We learned that the government put the reserve fund into five annual packages of $800 million and each year, without a pandemic, the money disappeared. If we do not use it, we lose it.
We learned, in a response on the order paper, that no amounts were allocated from the contingency or spent in 2006-07, 2007-08 and 2008-09. This is unacceptable. The money just disappeared out of the fund. It would be like putting away money in a fund in case we had to replace the roof or the furnace and every year it does not happen, we just take the money back out of the fund. This was to be an airtight fund. We were to break glass in the event of a pandemic.
It is time for the government to put the money back in the box and break the glass. and give those dollars to provincial and territorial local public health authorities that are reeling from the lack of certainty on vaccine delivery and a poor public awareness campaign that has Canadians still with 20 questions when they get to the front of their seven-hour line.
Dr. Naylor's report was very clear about federal leadership required in public health emergencies, but also the need for dollars from the federal government directed to local public health. Yet, the government has reversed the progress, and now the people of Canada are paying.

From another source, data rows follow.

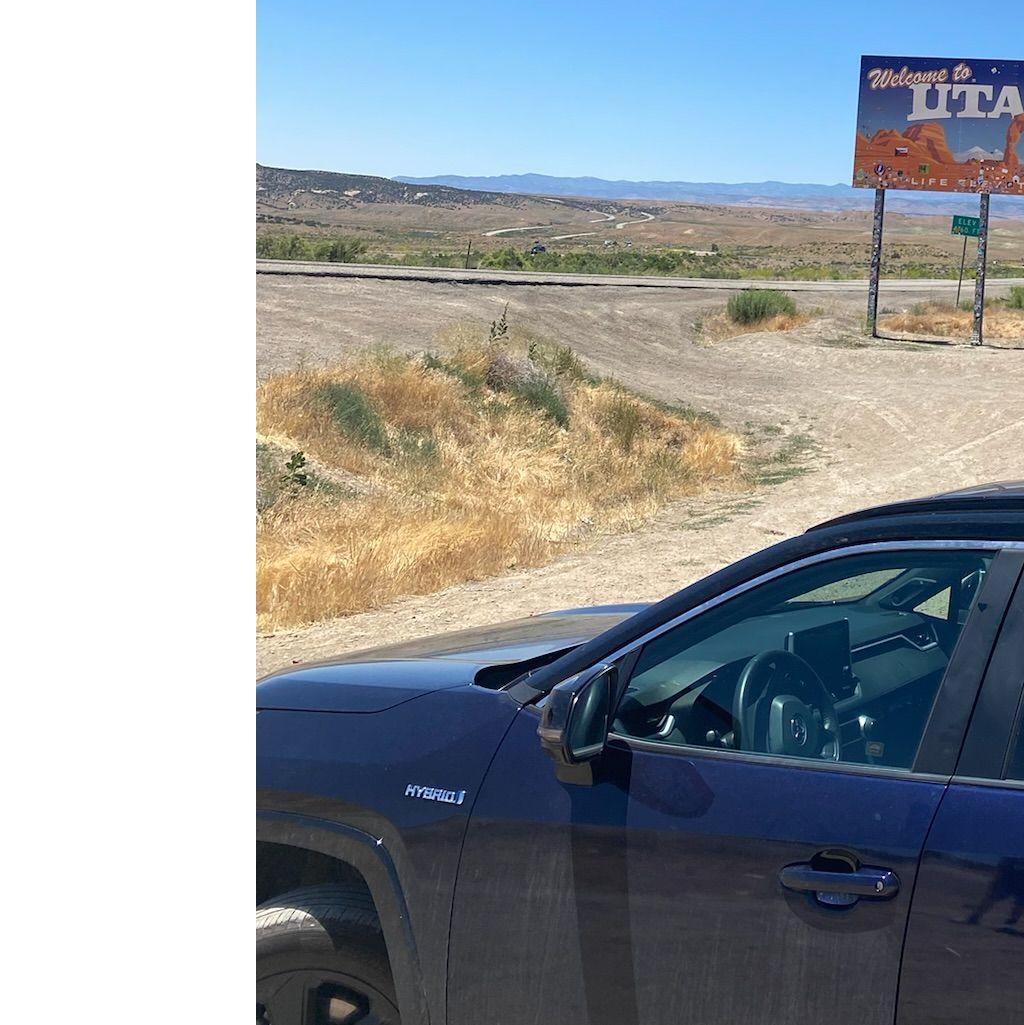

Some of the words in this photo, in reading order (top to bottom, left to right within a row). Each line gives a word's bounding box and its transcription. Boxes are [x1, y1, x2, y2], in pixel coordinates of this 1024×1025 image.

[867, 66, 948, 89] Welcome
[952, 62, 972, 81] to
[911, 177, 948, 186] LIFE
[405, 784, 456, 804] HYBRID
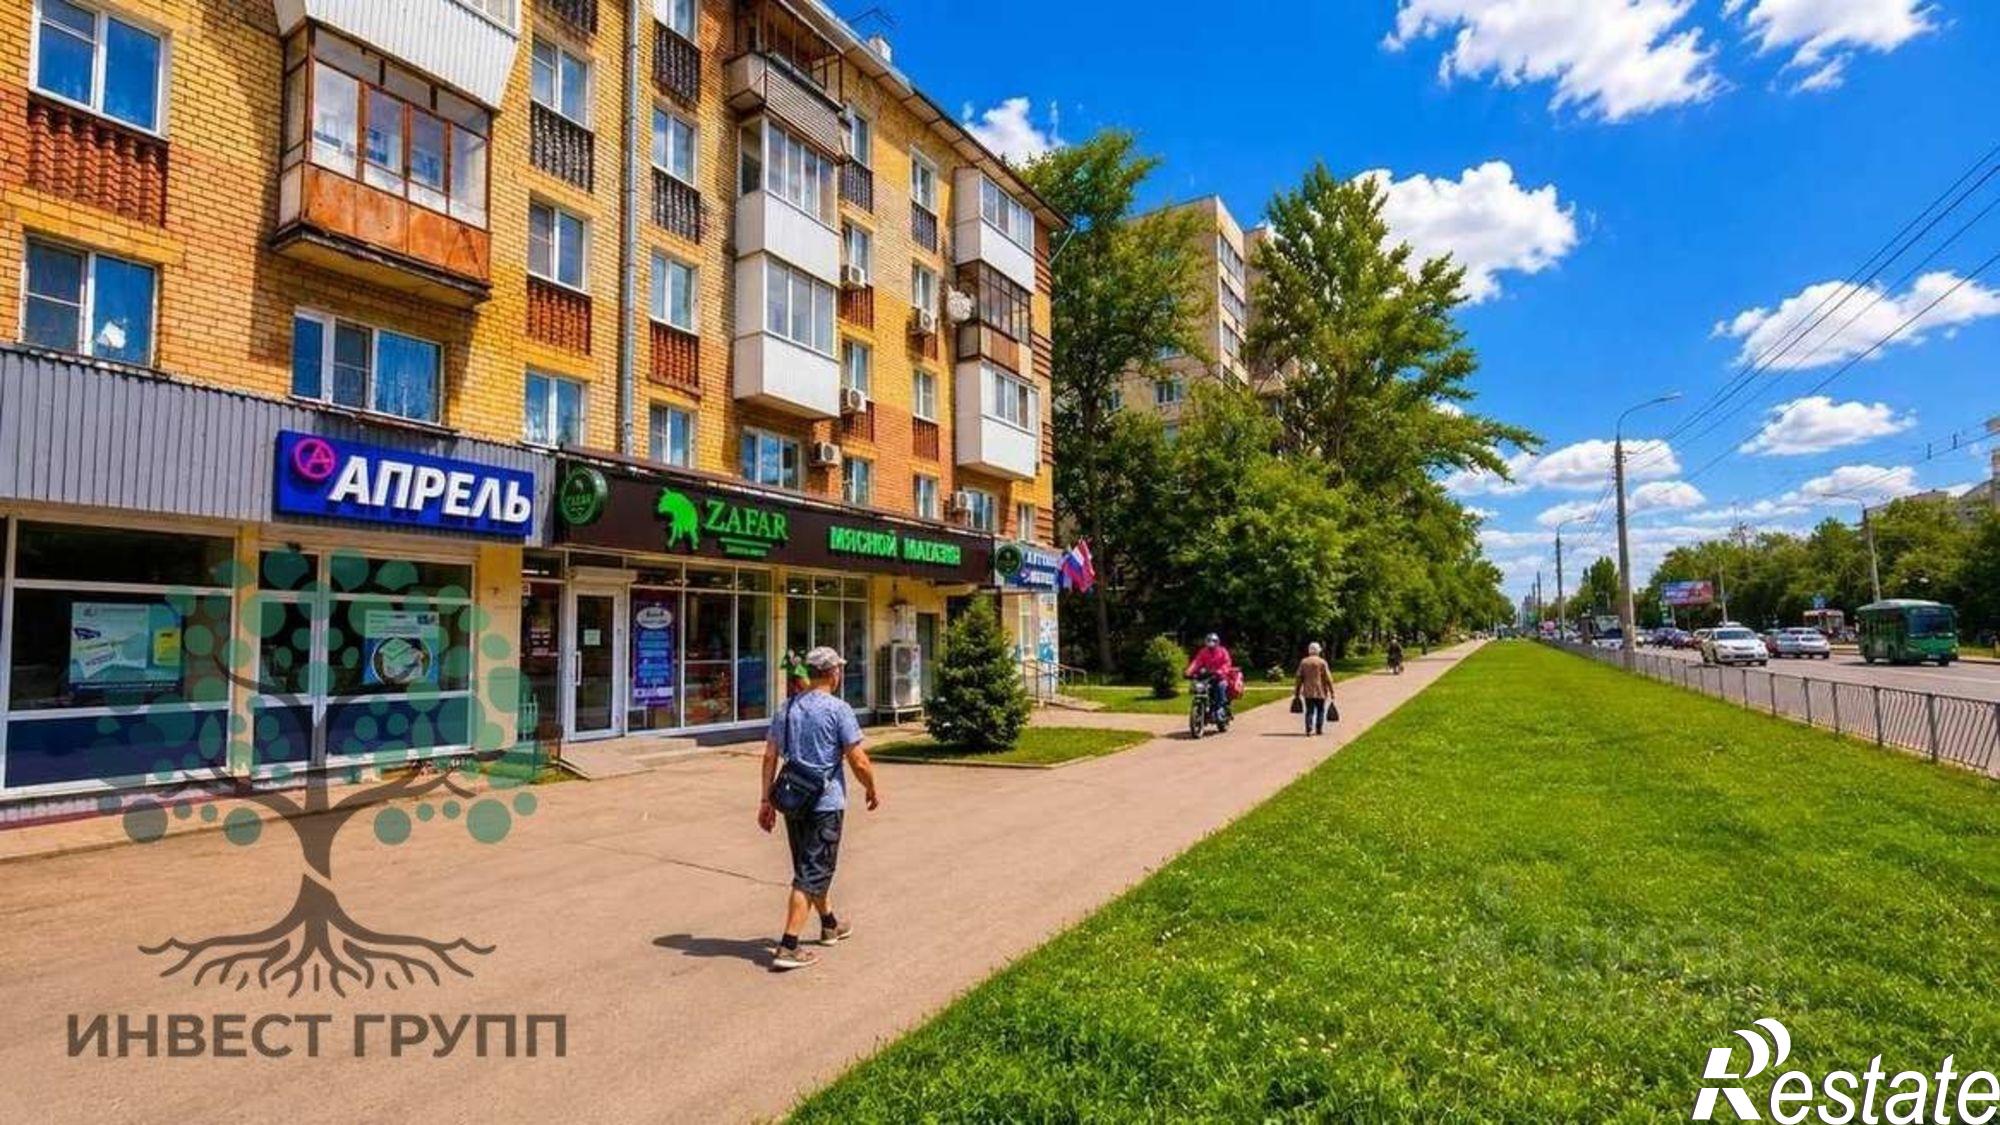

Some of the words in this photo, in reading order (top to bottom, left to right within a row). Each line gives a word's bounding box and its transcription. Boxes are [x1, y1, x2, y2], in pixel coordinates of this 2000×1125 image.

[327, 455, 531, 523] АПРЕЛЬ
[705, 499, 789, 540] ZAFAR
[830, 525, 898, 557] МЯСНОЙ
[903, 538, 961, 565] МАГАЗИН

Platitudes and talking points will not work. Local public health urgently needs funding and, as well, the dollars from the contingency must be made available to help health care providers deal with the increasing numbers of sick people and very sick people.
Every member of this House must look to the situation on the ground in their ridings where they will see the need for the measures proposed in today's motion. We must look forward. We must redouble our efforts to get the resources to our health professionals so that they can get the job done.
We know that lives will be saved and additional sickness avoided the sooner we have a significant percentage of the population immunized. We know that local public health officials are describing that they do not have enough resources to mount mass immunization campaigns or school campaigns or to hire back retired nurses. We know that this virus can make people very sick, with long stays in ICUs, and we need to be ready.
The minister says that she is working with the provinces and territories. The minister has had one meeting which has a drive-by appearance where she was asked for H1N1 resources and isotopes. She refused to listen. She then unilaterally decided that the provinces and territories would pay for 40% of the costs of the vaccine and 100% of the costs for administering the vaccine, and for all other aspects of the response.
They need federal government support. The federal government must assume its proper responsibility, as Dr. David Naylor prescribed six years ago, after the devastation of SARS.
The role of the federal government is to prepare Canadians, to lead Canadians, and to inform Canadians. In all three dimensions, the government has failed in its duties. We urge our colleagues to support the motion for the health and safety of Canadians.